*** Opening Task data ***
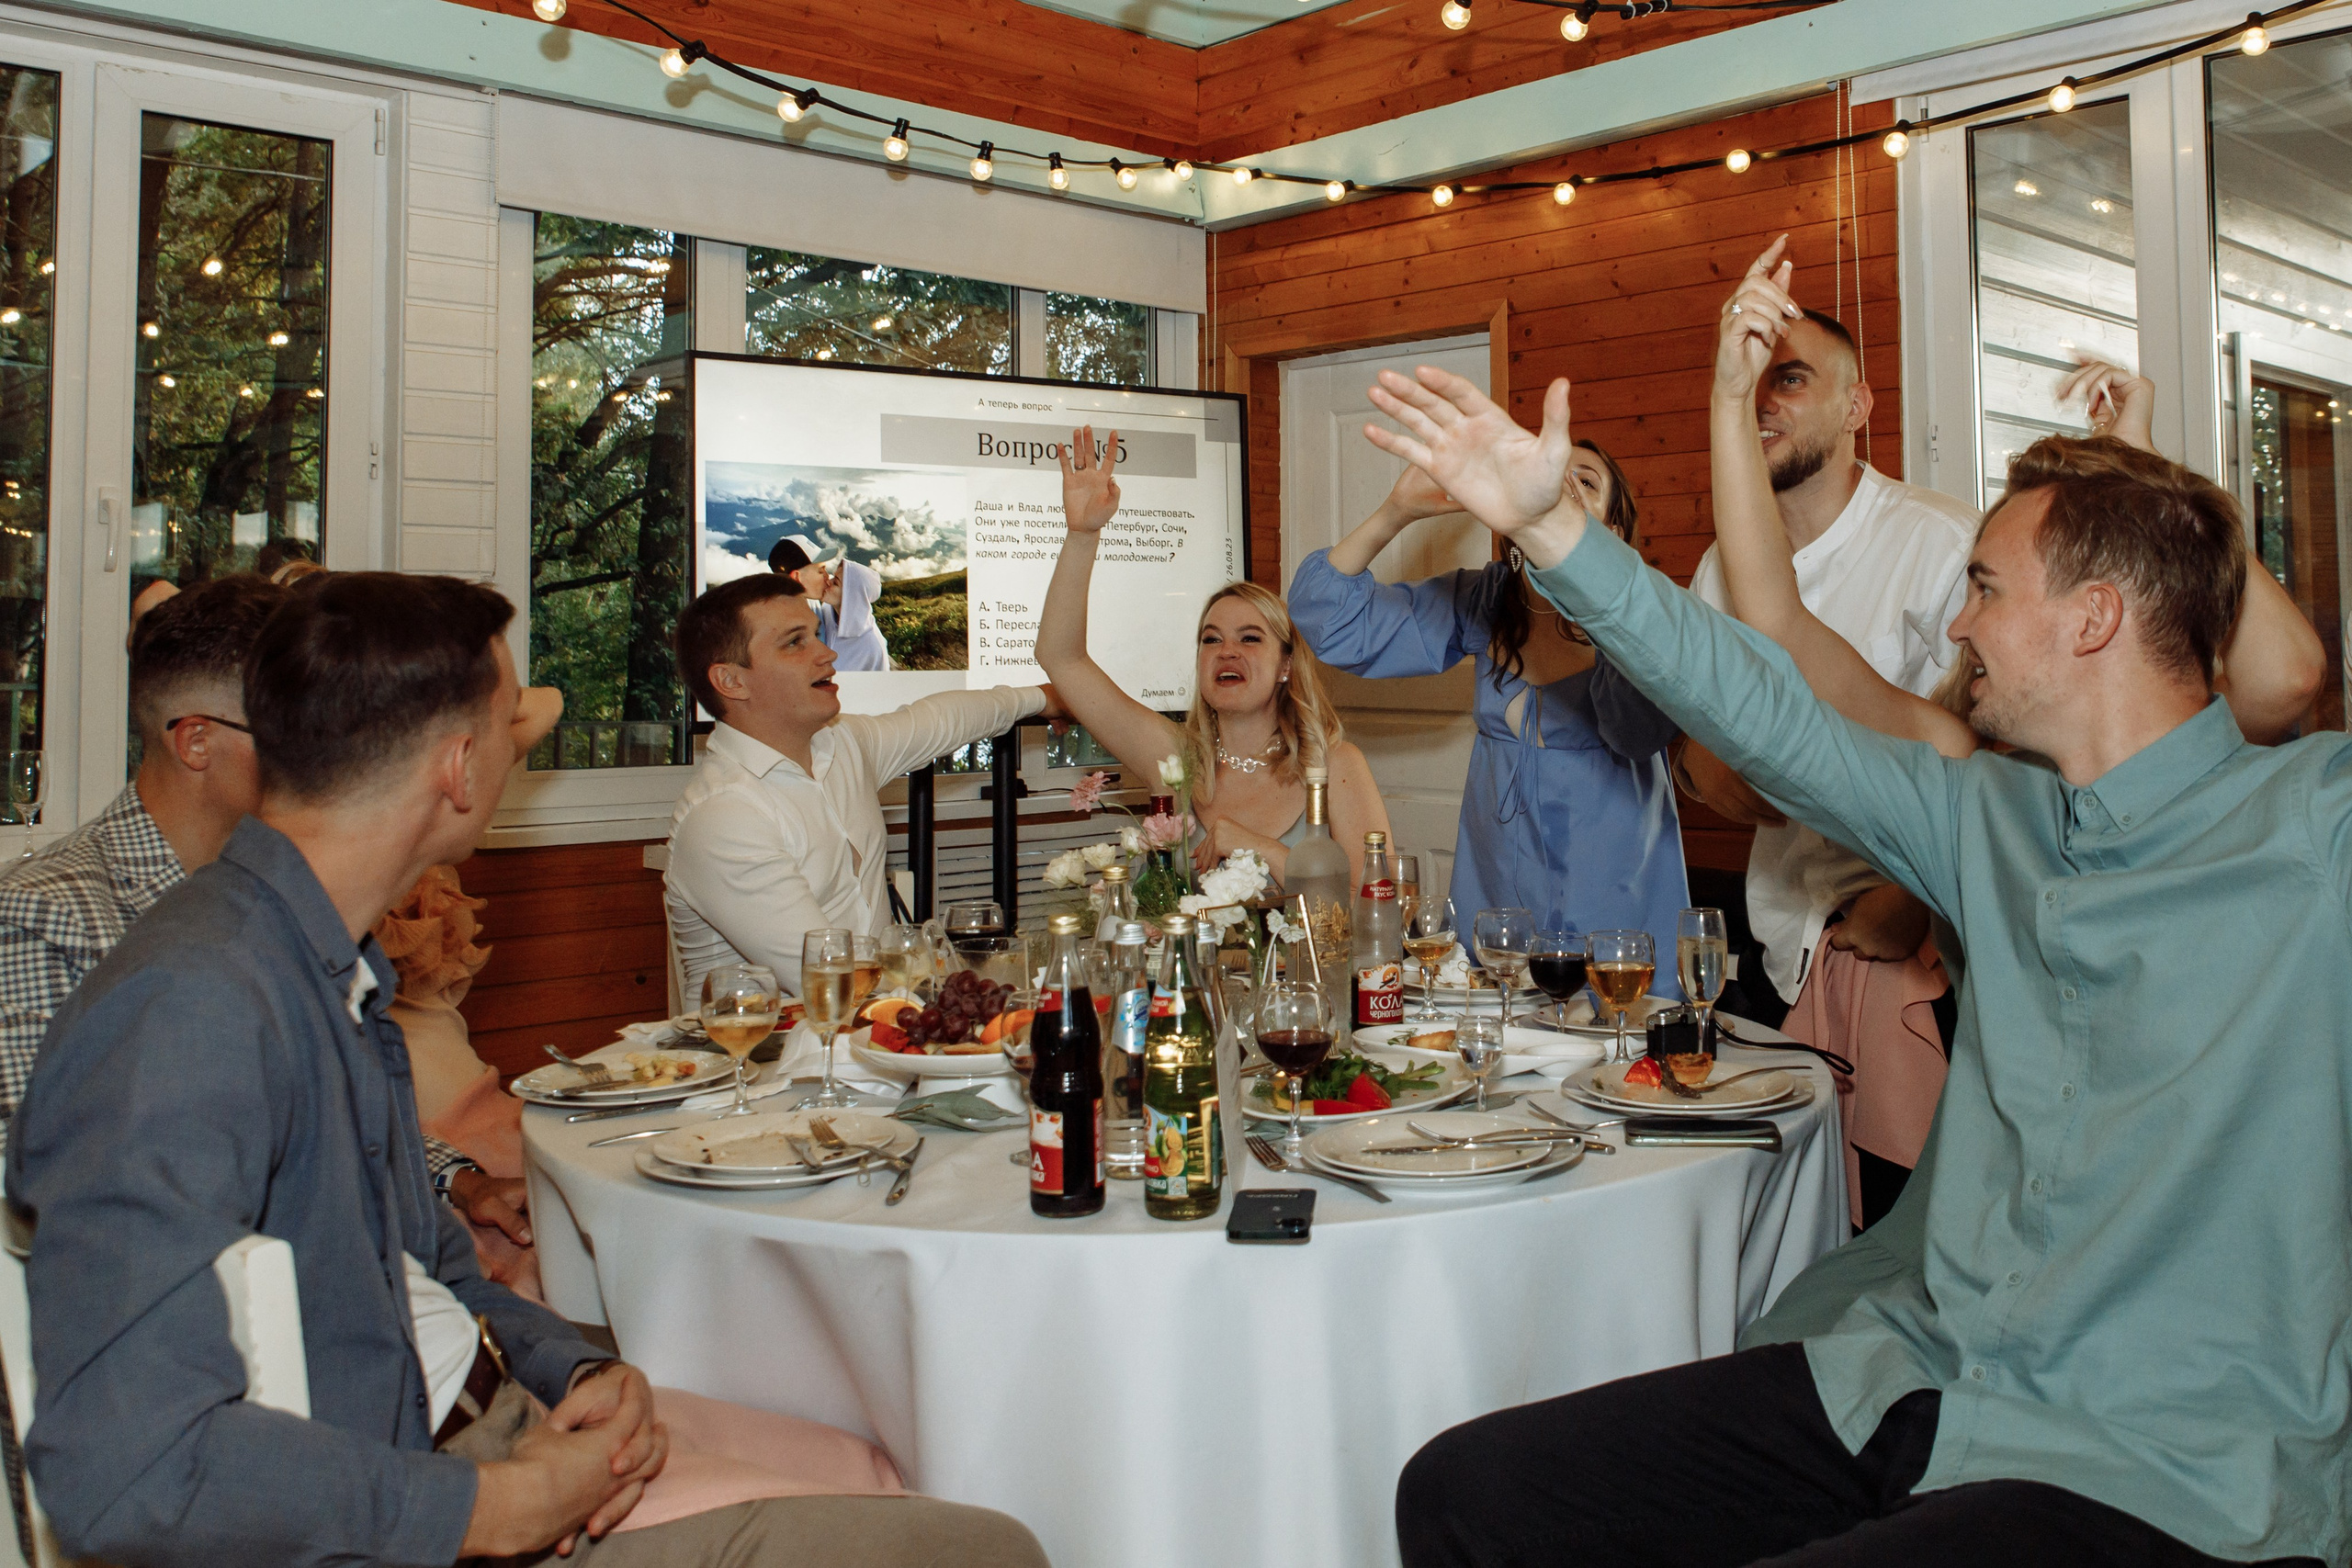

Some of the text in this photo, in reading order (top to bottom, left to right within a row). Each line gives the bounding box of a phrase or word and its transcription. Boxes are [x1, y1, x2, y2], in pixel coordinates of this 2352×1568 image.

[978, 398, 1053, 412] А теперь вопрос
[978, 433, 1072, 465] Вопрос
[975, 501, 1003, 512] Даша
[1018, 502, 1044, 513] Влад
[1046, 504, 1066, 513] люб
[1118, 508, 1195, 519] путешествовать.
[975, 516, 997, 526] Они
[1000, 519, 1020, 528] уже
[1102, 521, 1159, 534] -Петербург,
[1161, 523, 1187, 534] Сочи,
[975, 532, 1183, 549] Суздаль, Ярослав трома, Выборг. В
[975, 550, 1008, 558] каком
[1012, 549, 1046, 560] городе
[1104, 552, 1175, 563] молодожены?
[1225, 537, 1234, 576] 26.08.23
[978, 601, 1028, 614] А. Тверь
[979, 618, 1041, 632] Б. Пересла
[979, 637, 1035, 649] В. Сарато
[979, 655, 1040, 666] Г. Нижнев
[1141, 688, 1175, 698] Думаем
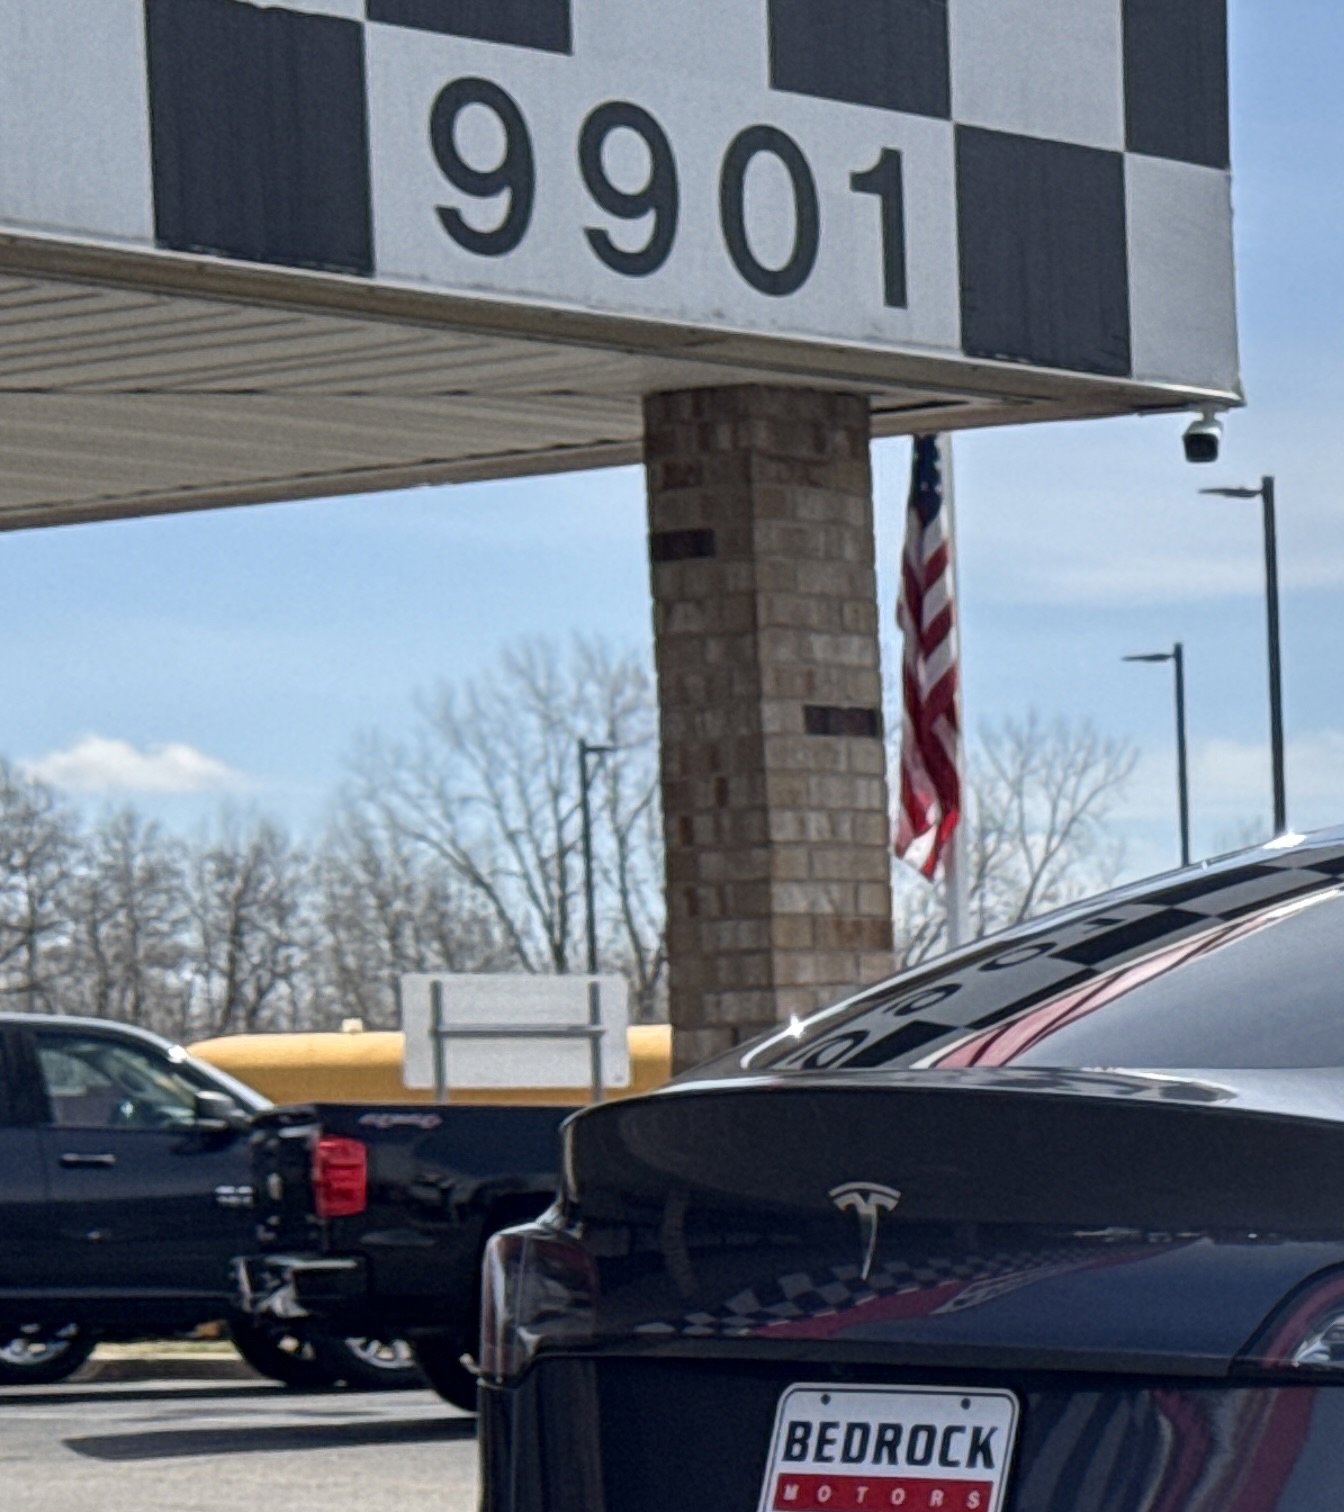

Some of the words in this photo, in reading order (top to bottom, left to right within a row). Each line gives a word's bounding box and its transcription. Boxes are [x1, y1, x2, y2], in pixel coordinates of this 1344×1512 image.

[427, 75, 910, 311] 9901
[781, 1420, 999, 1470] BEDROCK
[783, 1483, 981, 1510] MOTORS
*** Closing Task data ***
Work instructions:
Pictures are to be omitted; set down the rest of the entries exactly as given.

Output below:
Some of the text in this photo, in reading order (top to bottom, left to right within a row). Each line gives the bounding box of a phrase or word and its transcription. Boxes are [x1, y1, x2, y2], in pixel coordinates of this 2352×1568 image.

[978, 398, 1053, 412] А теперь вопрос
[978, 433, 1072, 465] Вопрос
[975, 501, 1003, 512] Даша
[1018, 502, 1044, 513] Влад
[1046, 504, 1066, 513] люб
[1118, 508, 1195, 519] путешествовать.
[975, 516, 997, 526] Они
[1000, 519, 1020, 528] уже
[1102, 521, 1159, 534] -Петербург,
[1161, 523, 1187, 534] Сочи,
[975, 532, 1183, 549] Суздаль, Ярослав трома, Выборг. В
[975, 550, 1008, 558] каком
[1012, 549, 1046, 560] городе
[1104, 552, 1175, 563] молодожены?
[1225, 537, 1234, 576] 26.08.23
[978, 601, 1028, 614] А. Тверь
[979, 618, 1041, 632] Б. Пересла
[979, 637, 1035, 649] В. Сарато
[979, 655, 1040, 666] Г. Нижнев
[1141, 688, 1175, 698] Думаем

Some of the words in this photo, in reading order (top to bottom, left to right within a row). Each line gives a word's bounding box and its transcription. Boxes are [x1, y1, x2, y2], in pixel coordinates of this 1344×1512 image.

[427, 75, 910, 311] 9901
[781, 1420, 999, 1470] BEDROCK
[783, 1483, 981, 1510] MOTORS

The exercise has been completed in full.